Además, sin las drogas que su marioneta Kogami daba al niño, su voz ya no podía alcanzarlo. Las defensas mentales del Heraldo estaban cada vez más fuertes. Tal vez lo mejor sería dar el golpe antes de tiempo. Desafortunadamente, la organización que el Adivino debía construir para ella avanzaba muy lento. Y el tutor de su posible Avatar estaba intentando resistir su manipulación.

La Luz volvió su atención al chico Manjoume. Inflar el ego del Criador de Dragones hasta ahora había servido bien en sus planes, tal vez podía usarlo para algo más. Hasta ahora se había contentado con inflar las peores partes de su personalidad para hacerlo inútil a su rey, pero quizá lo mejor sería ponerlo por completo en su contra.

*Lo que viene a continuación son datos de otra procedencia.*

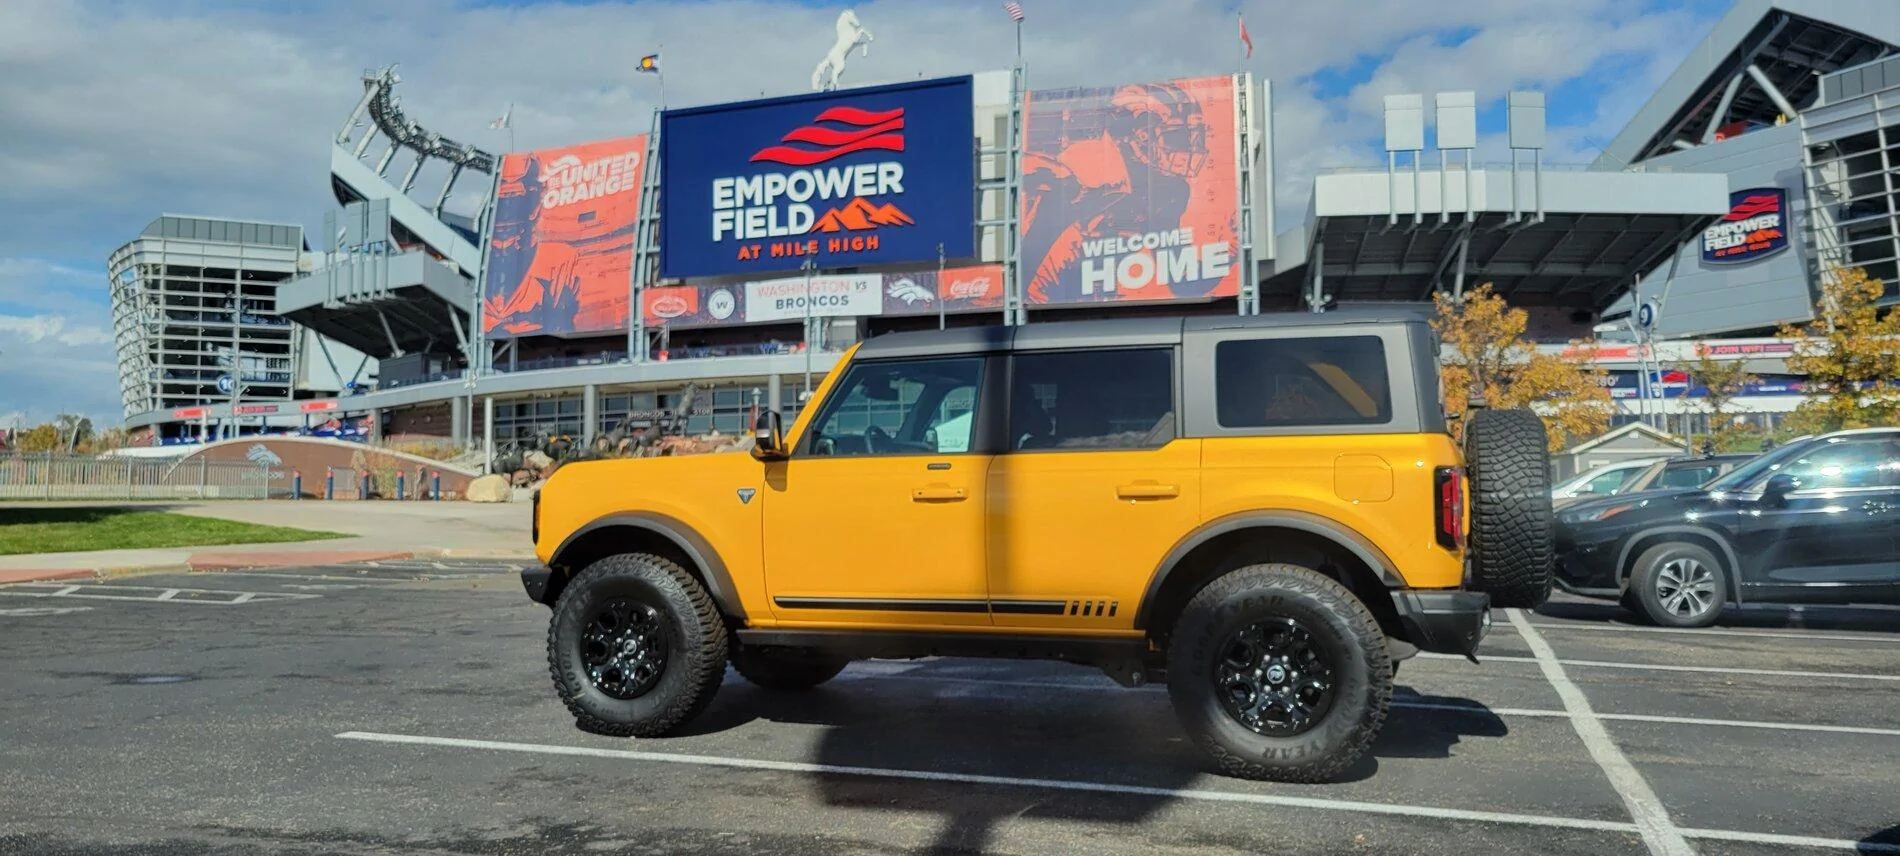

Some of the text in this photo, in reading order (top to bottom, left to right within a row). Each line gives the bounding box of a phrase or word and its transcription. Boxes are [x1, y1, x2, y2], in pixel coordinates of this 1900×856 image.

[561, 151, 641, 187] UNITED
[543, 171, 636, 210] ORANGE
[712, 161, 905, 211] EMPOWER
[712, 203, 816, 242] FIELD
[1704, 214, 1779, 240] EMPOWER
[737, 234, 880, 261] AT MILE HIGH
[1082, 228, 1193, 258] WELCOME
[1704, 233, 1747, 252] FIELD
[1081, 241, 1231, 296] HOME
[757, 279, 851, 297] WASHINGTON
[775, 295, 850, 310] BRONCOS
[1640, 308, 1649, 324] 9
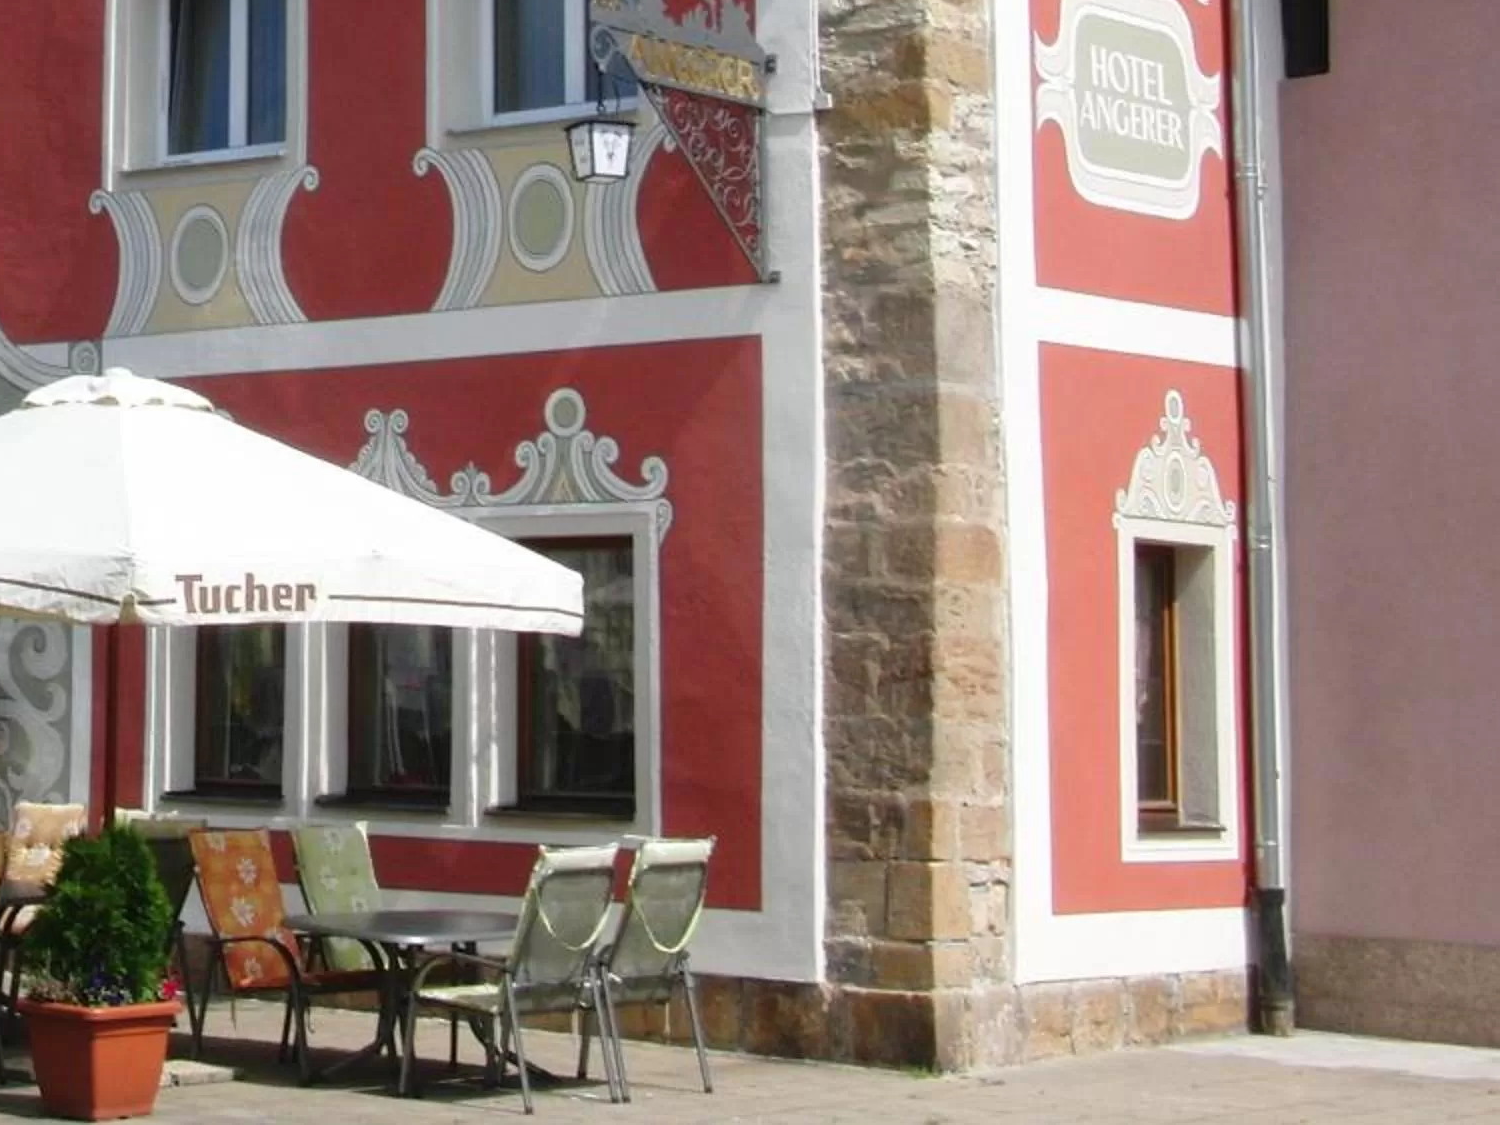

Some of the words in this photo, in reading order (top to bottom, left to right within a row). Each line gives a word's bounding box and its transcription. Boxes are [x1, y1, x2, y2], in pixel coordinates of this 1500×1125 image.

Eso habría funcionado, de no ser por otro factor desconocido con el que no contó: Johan, el Maestro de las Bestias de Cristal, y el hijo mortal de su odiosa hermana gemela.

Al menos todavía tenía al guardián en su poder. Un guardián lo suficientemente enloquecido por la soledad y el silencio de su rey, como para ser fácilmente manipulable.

Si jugaba bien sus cartas, el amor eterno de ese juramento se volvería contra el Heraldo.

Y el Amor de un hermano a otro sería la perdición de la única otra persona que podría intentar frenar la destrucción del mundo, si el Heraldo de su otra hermana caía en el intento.